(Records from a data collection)

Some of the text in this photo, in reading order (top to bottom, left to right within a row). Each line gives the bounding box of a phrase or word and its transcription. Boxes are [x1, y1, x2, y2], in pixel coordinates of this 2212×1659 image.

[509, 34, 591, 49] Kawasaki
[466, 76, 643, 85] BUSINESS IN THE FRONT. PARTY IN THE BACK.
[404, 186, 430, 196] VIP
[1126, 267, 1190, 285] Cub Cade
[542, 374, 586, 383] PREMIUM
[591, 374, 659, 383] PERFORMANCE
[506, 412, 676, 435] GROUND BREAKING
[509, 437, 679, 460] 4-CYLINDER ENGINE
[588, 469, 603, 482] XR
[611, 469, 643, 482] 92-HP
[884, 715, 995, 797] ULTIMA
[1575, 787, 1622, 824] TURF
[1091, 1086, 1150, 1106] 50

TO DO » Each record above needs to be written out exactly, with nothing left out.

EXERCISE OUTPUT »
Some of the text in this photo, in reading order (top to bottom, left to right within a row). Each line gives the bounding box of a phrase or word and its transcription. Boxes are [x1, y1, x2, y2], in pixel coordinates of this 2212×1659 image.

[509, 34, 591, 49] Kawasaki
[466, 76, 643, 85] BUSINESS IN THE FRONT. PARTY IN THE BACK.
[404, 186, 430, 196] VIP
[1126, 267, 1190, 285] Cub Cade
[542, 374, 586, 383] PREMIUM
[591, 374, 659, 383] PERFORMANCE
[506, 412, 676, 435] GROUND BREAKING
[509, 437, 679, 460] 4-CYLINDER ENGINE
[588, 469, 603, 482] XR
[611, 469, 643, 482] 92-HP
[884, 715, 995, 797] ULTIMA
[1575, 787, 1622, 824] TURF
[1091, 1086, 1150, 1106] 50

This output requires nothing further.